__What you need to do__. Read the records and gather each line that includes "Trefl".

[Collected data]
==================================================

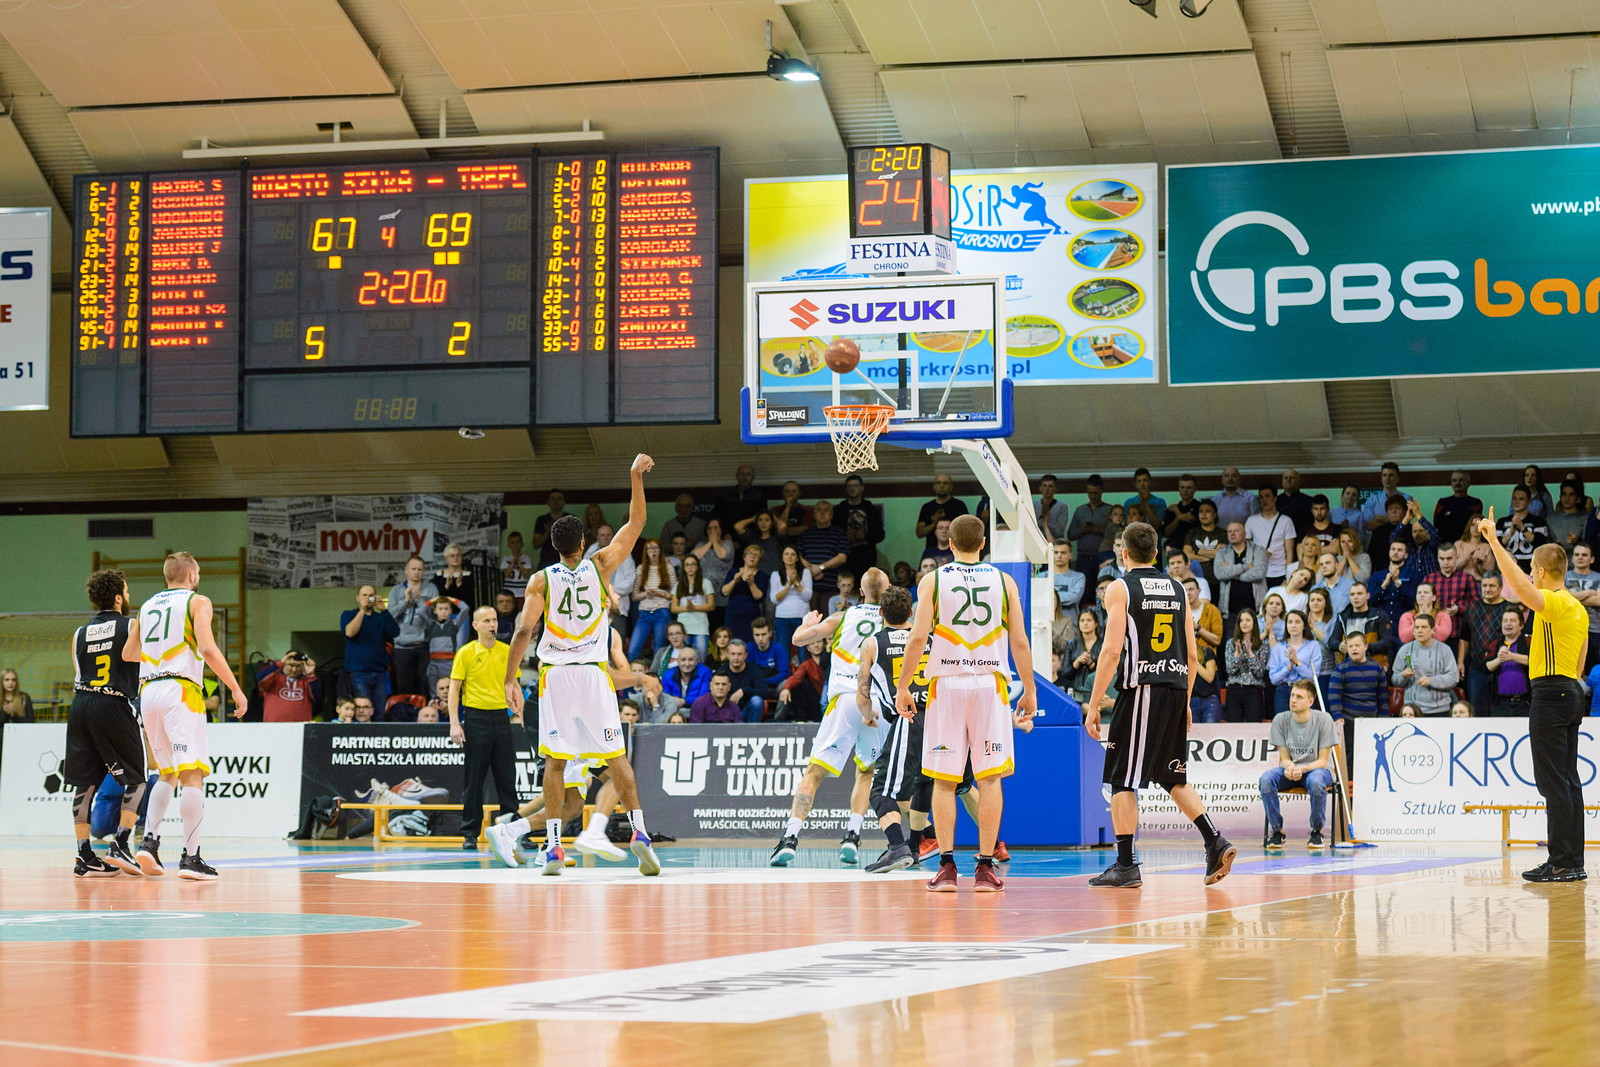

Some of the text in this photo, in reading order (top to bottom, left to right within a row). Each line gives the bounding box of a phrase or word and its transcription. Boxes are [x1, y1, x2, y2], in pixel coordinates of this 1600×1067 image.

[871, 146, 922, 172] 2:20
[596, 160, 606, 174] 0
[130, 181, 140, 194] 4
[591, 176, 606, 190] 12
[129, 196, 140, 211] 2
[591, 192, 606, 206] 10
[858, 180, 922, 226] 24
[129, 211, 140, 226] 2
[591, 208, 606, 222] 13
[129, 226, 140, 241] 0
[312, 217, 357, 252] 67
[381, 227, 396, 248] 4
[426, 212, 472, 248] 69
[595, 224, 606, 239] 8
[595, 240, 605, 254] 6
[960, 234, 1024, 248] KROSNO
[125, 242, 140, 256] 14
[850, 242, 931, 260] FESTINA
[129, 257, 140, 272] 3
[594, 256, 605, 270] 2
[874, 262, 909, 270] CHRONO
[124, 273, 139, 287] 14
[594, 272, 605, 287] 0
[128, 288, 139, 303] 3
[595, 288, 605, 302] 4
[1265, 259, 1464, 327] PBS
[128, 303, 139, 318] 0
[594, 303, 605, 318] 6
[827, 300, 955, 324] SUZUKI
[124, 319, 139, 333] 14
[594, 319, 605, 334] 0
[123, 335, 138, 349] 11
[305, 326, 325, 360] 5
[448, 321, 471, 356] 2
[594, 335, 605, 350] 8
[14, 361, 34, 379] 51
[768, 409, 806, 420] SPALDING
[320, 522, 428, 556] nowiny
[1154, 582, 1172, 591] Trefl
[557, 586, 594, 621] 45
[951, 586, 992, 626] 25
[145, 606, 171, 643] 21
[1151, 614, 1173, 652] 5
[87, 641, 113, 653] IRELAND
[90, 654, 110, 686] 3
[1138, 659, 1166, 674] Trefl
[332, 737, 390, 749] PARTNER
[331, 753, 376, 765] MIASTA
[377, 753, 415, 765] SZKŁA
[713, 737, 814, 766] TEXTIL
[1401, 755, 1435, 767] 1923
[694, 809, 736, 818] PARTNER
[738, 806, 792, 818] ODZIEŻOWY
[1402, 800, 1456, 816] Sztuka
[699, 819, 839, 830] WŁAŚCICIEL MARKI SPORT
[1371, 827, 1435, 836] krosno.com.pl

==================================================

__Your response__.
[1154, 582, 1172, 591] Trefl
[1138, 659, 1166, 674] Trefl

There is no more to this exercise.